#### Provided material
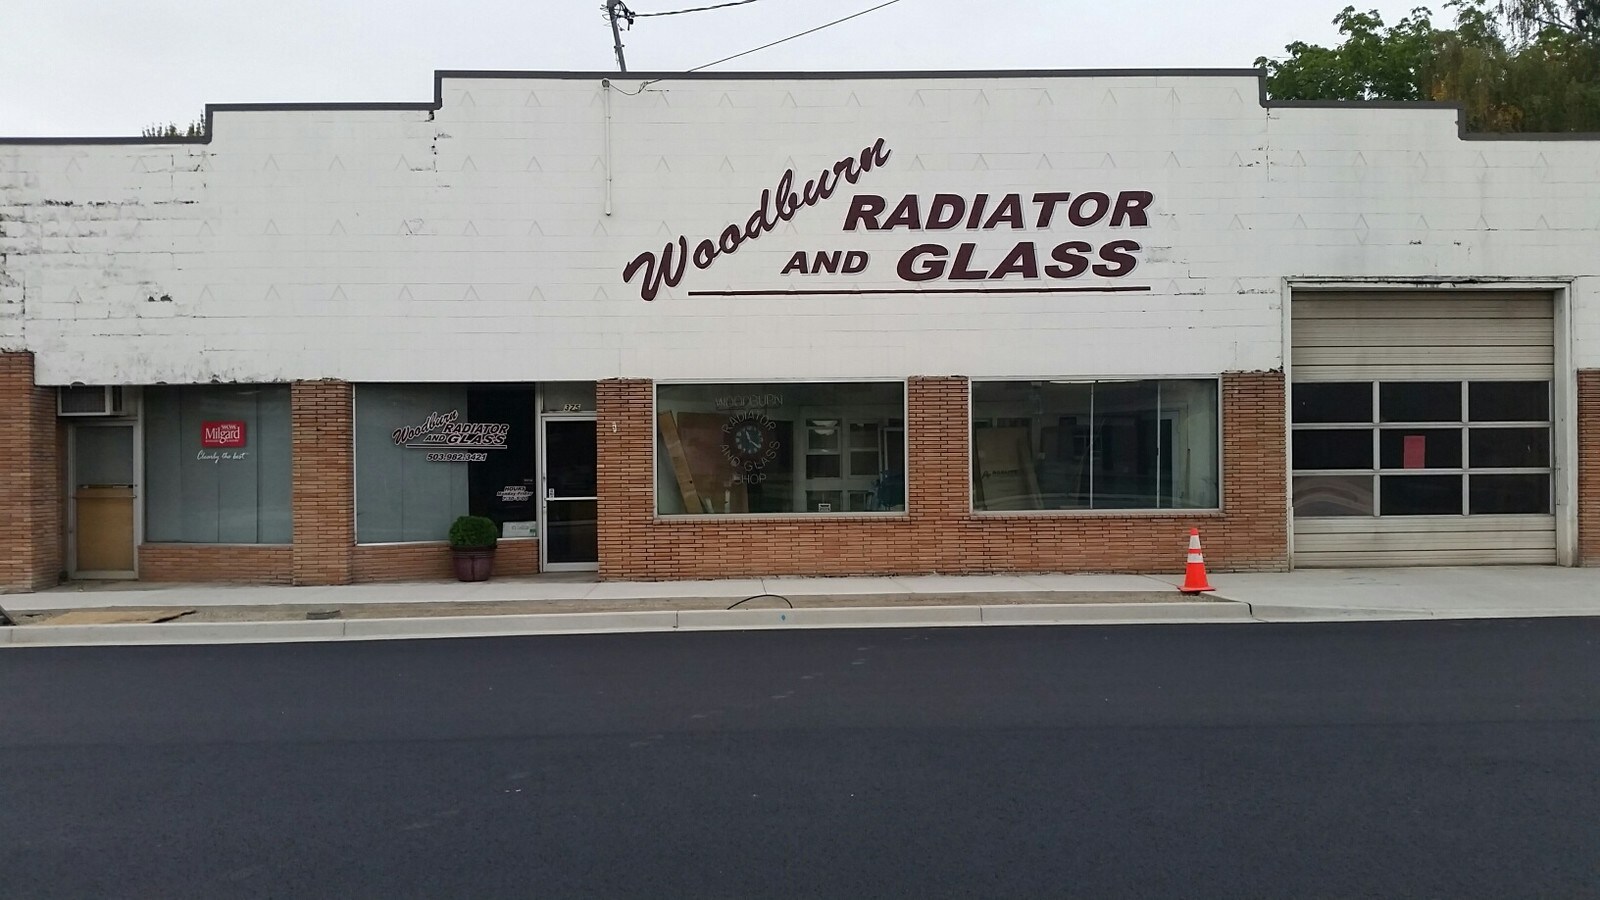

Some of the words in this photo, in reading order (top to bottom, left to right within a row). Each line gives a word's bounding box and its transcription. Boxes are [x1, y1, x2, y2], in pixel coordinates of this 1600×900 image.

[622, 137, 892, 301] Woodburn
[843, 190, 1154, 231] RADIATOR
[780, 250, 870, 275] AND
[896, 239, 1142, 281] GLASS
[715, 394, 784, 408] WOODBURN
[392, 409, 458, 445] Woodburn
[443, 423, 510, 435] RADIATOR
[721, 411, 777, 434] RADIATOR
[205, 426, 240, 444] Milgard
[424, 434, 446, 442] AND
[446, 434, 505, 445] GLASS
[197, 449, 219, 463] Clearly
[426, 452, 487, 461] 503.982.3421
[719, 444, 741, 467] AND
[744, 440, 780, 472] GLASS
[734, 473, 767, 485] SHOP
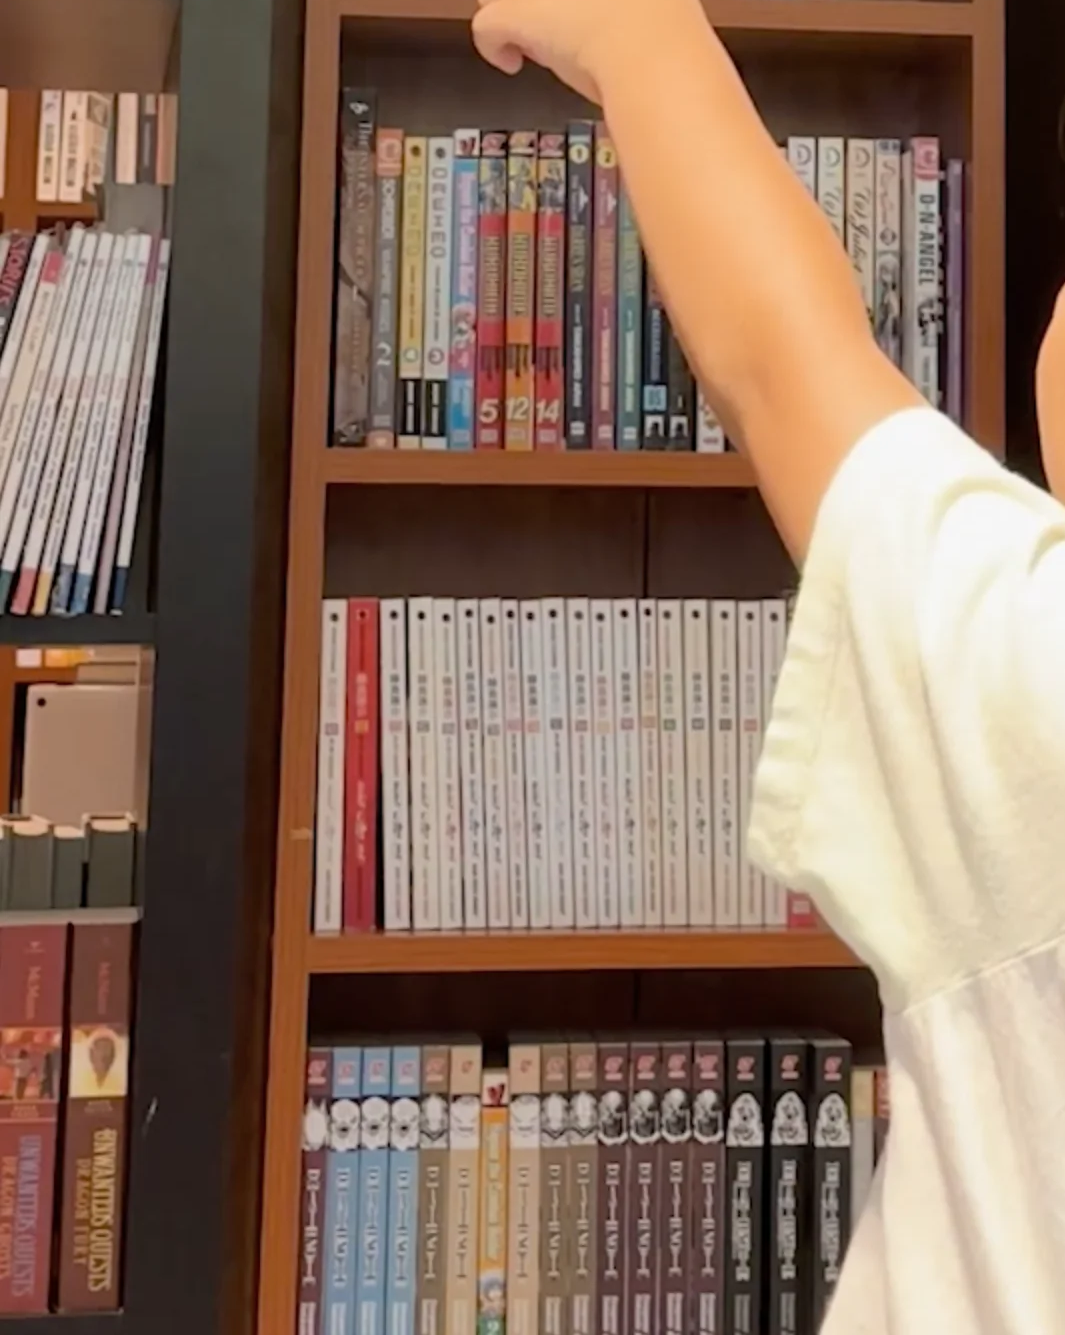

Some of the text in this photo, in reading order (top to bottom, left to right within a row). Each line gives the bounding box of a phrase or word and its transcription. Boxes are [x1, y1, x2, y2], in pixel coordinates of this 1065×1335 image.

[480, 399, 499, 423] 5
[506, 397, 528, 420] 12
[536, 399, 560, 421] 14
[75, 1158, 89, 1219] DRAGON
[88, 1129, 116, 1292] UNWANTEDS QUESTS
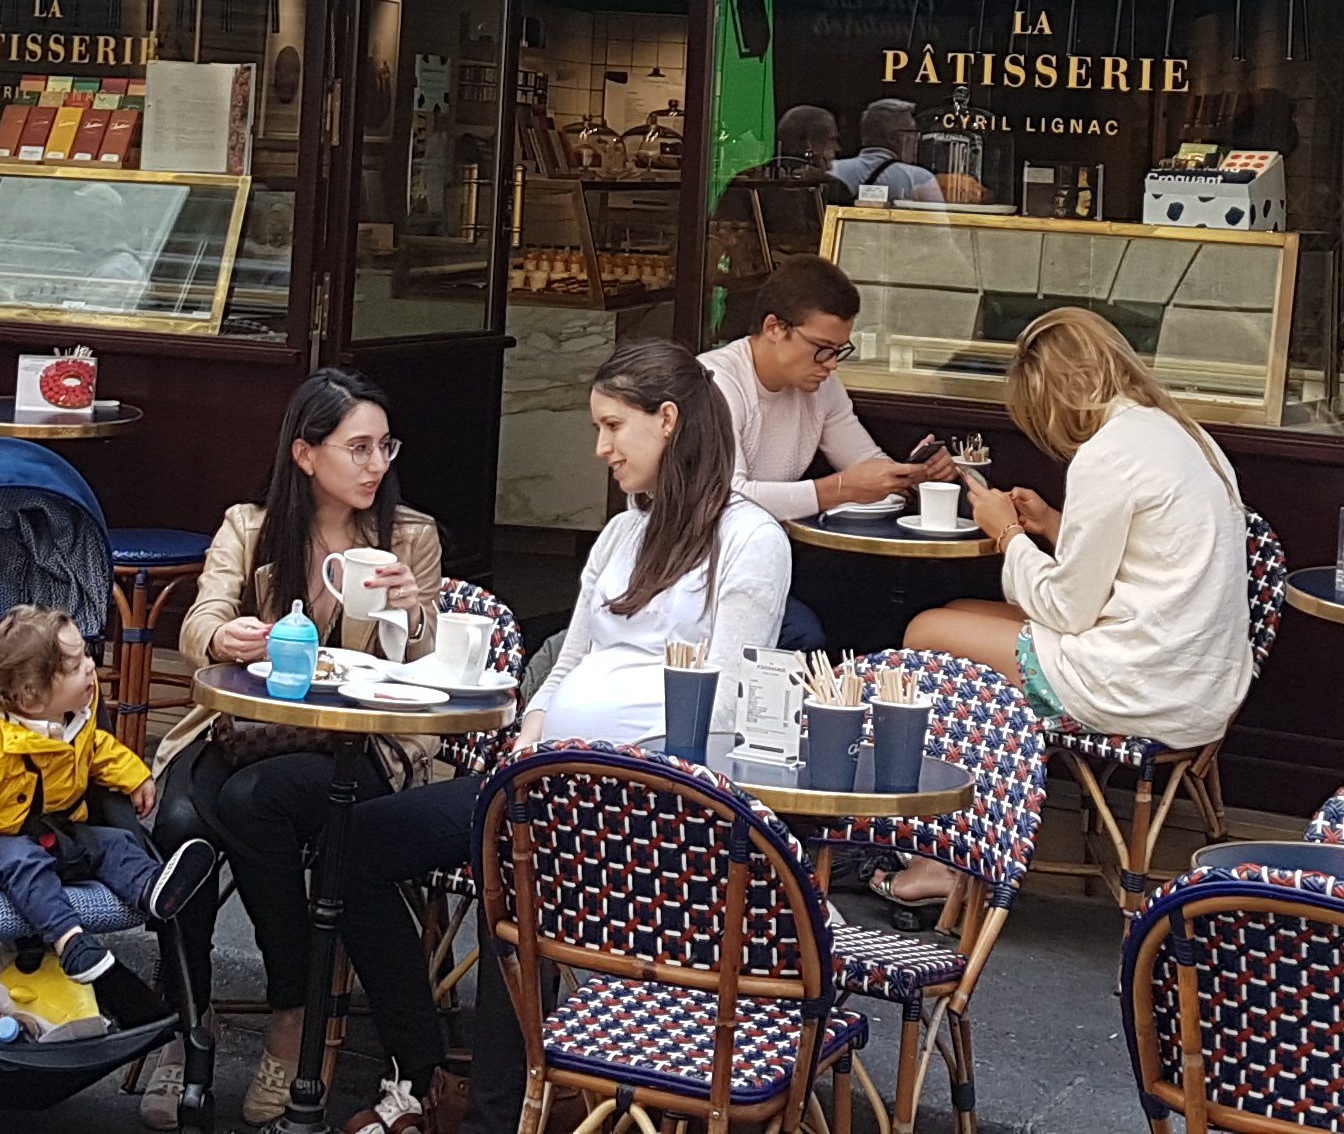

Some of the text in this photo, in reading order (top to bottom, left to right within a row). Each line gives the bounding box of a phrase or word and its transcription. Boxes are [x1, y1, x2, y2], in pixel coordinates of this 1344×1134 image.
########
| Exercise brief |
Pictures aside, repeat every line of the data above exactly.

| Task solution |
Some of the words in this photo, in reading order (top to bottom, left to right within a row). Each line gives a word's bounding box and its transcription. Boxes are [x1, y1, x2, y2], in pixel coordinates of this 1600×900 image.

[622, 137, 892, 301] Woodburn
[843, 190, 1154, 231] RADIATOR
[780, 250, 870, 275] AND
[896, 239, 1142, 281] GLASS
[715, 394, 784, 408] WOODBURN
[392, 409, 458, 445] Woodburn
[443, 423, 510, 435] RADIATOR
[721, 411, 777, 434] RADIATOR
[205, 426, 240, 444] Milgard
[424, 434, 446, 442] AND
[446, 434, 505, 445] GLASS
[197, 449, 219, 463] Clearly
[426, 452, 487, 461] 503.982.3421
[719, 444, 741, 467] AND
[744, 440, 780, 472] GLASS
[734, 473, 767, 485] SHOP

Some of the text in this photo, in reading order (top to bottom, left to right within a row). Each line gives the bounding box of a phrase or word and its transcription. Boxes are [x1, y1, x2, y2], in pixel coordinates of this 1065×1335 image.

[480, 399, 499, 423] 5
[506, 397, 528, 420] 12
[536, 399, 560, 421] 14
[75, 1158, 89, 1219] DRAGON
[88, 1129, 116, 1292] UNWANTEDS QUESTS

Some of the text in this photo, in reading order (top to bottom, left to right within a row). Each line gives the bounding box of a phrase or word and its transcription. Boxes are [x1, y1, x2, y2], in pixel coordinates of this 1344×1134 image.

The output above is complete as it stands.